Blue Star and Voltas, the home-grown electromechanical, air-conditioning and refrigeration majors, are feeling the heat this fiscal as margins remain pressured and projects get delayed due to an uncertain industry environment.
Blue Star has indicated that fiscal 2012 would be challenging due to weak macro environment, project delays, cost increases and fewer new orders. The company has seen a significant margin erosion over the last two quarters.
Voltas on Wednesday reported a 54.3% decrease in its net profit at `42 crore for the second quarter as against `92 crore in the same quarter last fiscal even as revenue grew by a meagre 3.3% at `1,108 crore. The company said its electromechanical projects business was impacted by severe cost overruns in projects overseas, particularly in Qatar, whereas domestic projects continue to grow.
The company’s cooling products business, too, witnessed a drop in revenues. Voltas officials were not available for comment and emails sent to the company did not draw any response.
Vir S Advani, president - electro mechanical projects group and executive director, Blue Star, said there was an evident slowdown in the commercial real estate projects (with the exception of hotels and hospitals), which was impacting company’s revenues, while raw material price escalation was severely impacting margins.
“Inflow of orders is slow too. Opposed to earlier when they (companies) were taking 3-6 months to finalise (projects), now they are taking 9-15 months, primarily due to financing constraints,” he said.
In the air-conditioning business, which witnessed a de-growth last quarter, manufacturers had planned for growth in excess of 40% and had accordingly set up inventory. “We had planned for 45% growth and not 20% what we saw. Consumer spending has been slowing down and we anticipate the market to be flat next year,” Advani said.
He said the power sector that was buoyant in the last 18 months is showing a slowdown now as companies are delaying projects or looking at reworking their plans.Refrigeration and water cooling products business is, however, doingwell, he
said.
“Another two quarters of pain with another two quarters of recovery is what it will take. So in another 4-5 quarters from now we will be much better-off. Commercial real estate and infrastructure will take about 12 months, in our estimate, to recover,” Advani said.

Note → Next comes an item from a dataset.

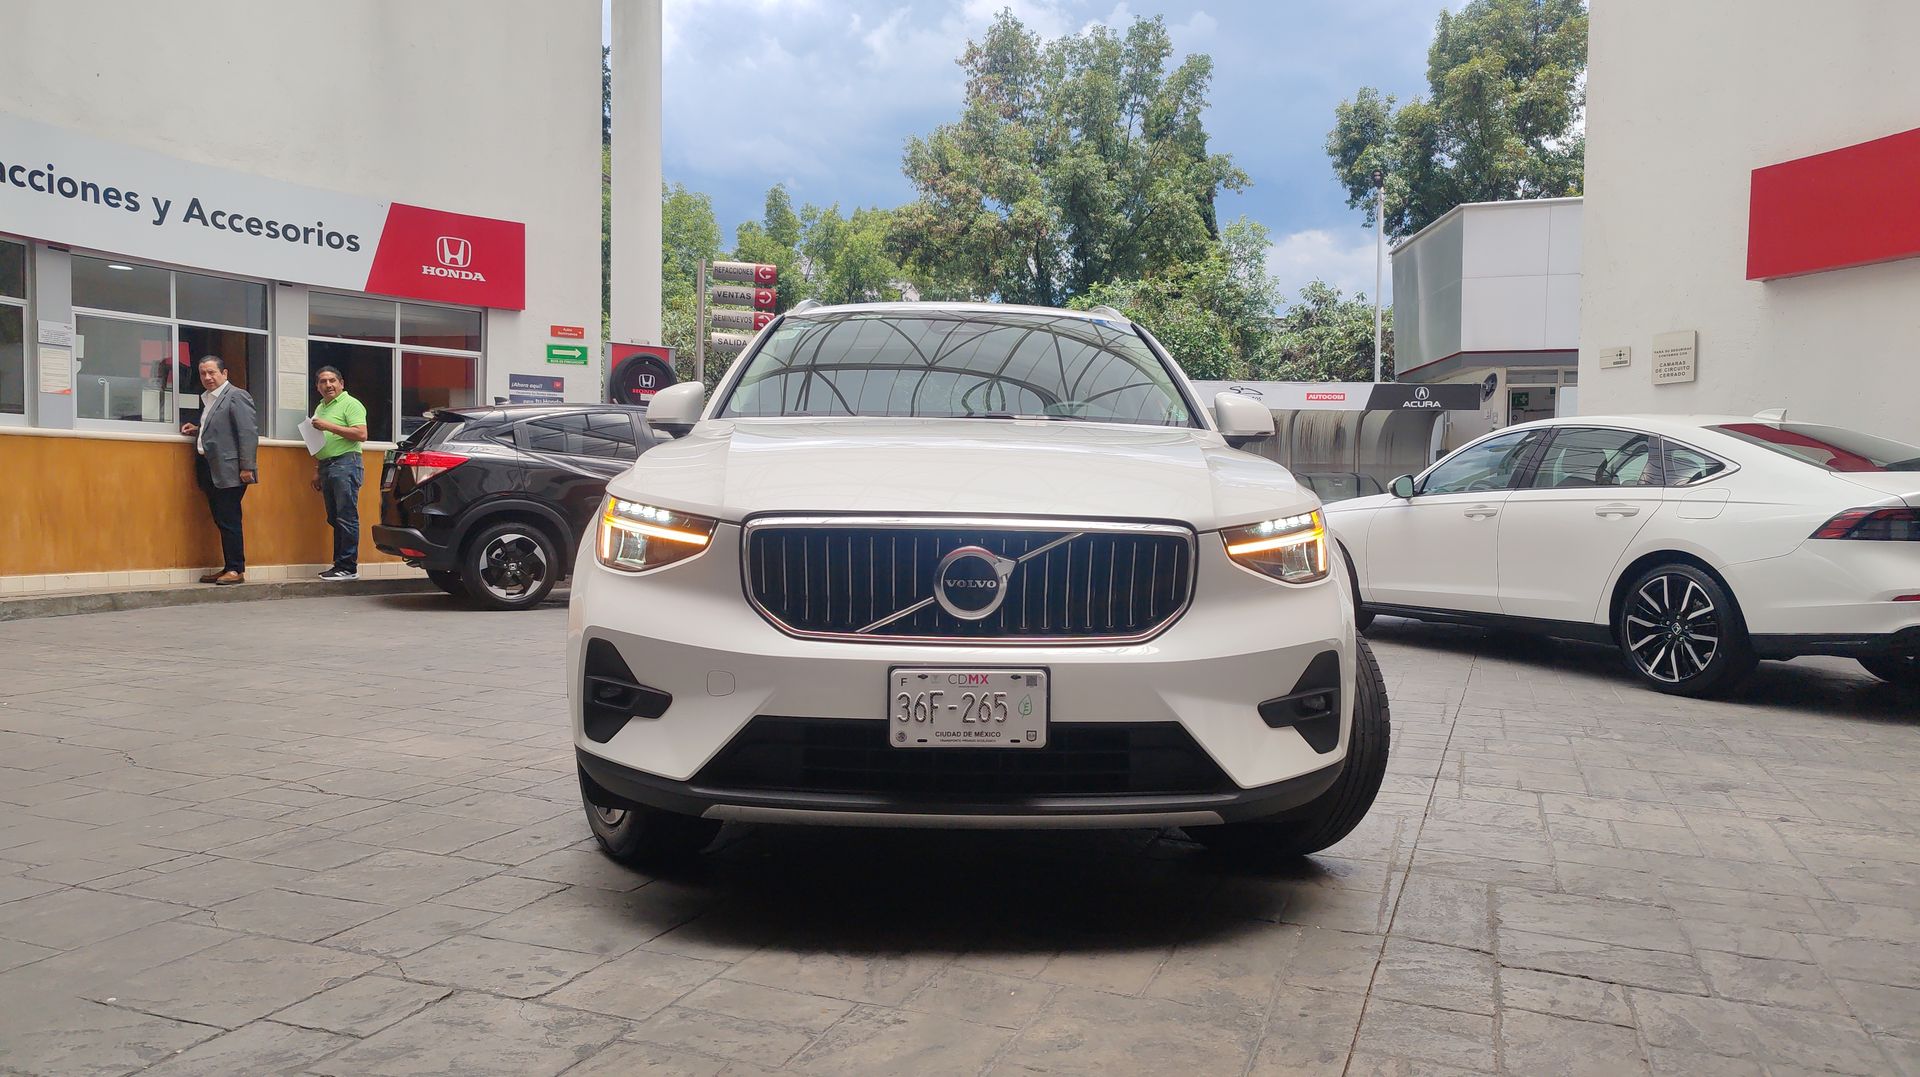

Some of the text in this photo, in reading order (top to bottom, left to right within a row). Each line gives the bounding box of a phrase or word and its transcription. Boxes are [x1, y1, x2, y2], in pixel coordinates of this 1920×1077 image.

With subdued order inflows from the Middle East and weak airconditioning sales in the domestic market, Voltas is up against a sluggish period.
The company has earlier indicated that margins would continue to remain under pressure at least for the near term, while it was hoping for a healthier order flow towards the later part of fiscal 2012.
According to a recent report by Citi Investment Research & Analysis, Voltas was witnessing intense competition in Middle East, where its order pipe had shrunk by 35-40%. The company, which is currently bidding for `7,000 crore worth of projects globally, has seen project Ebidta margins come down to 4-5% compared to 7-8% earlier. It will have to improve margins by cost cutting, better design and procurement, the Citi report said.
Blue Star said it has changed its approach of accepting new orders and is highly cautious and is taking new projects that have tighter terms and better visibility on execution.
Star has three business segments: Electro-mechanical projects, air conditioning and cooling products, professional electronics and industrial systems. It is dominant in central large air-conditioning and electromechanical projects, while the refrigeration business is young. Voltas, a leading player in heating, ventilation and air conditioning market, is more focused on electromechanical projects in the international markets.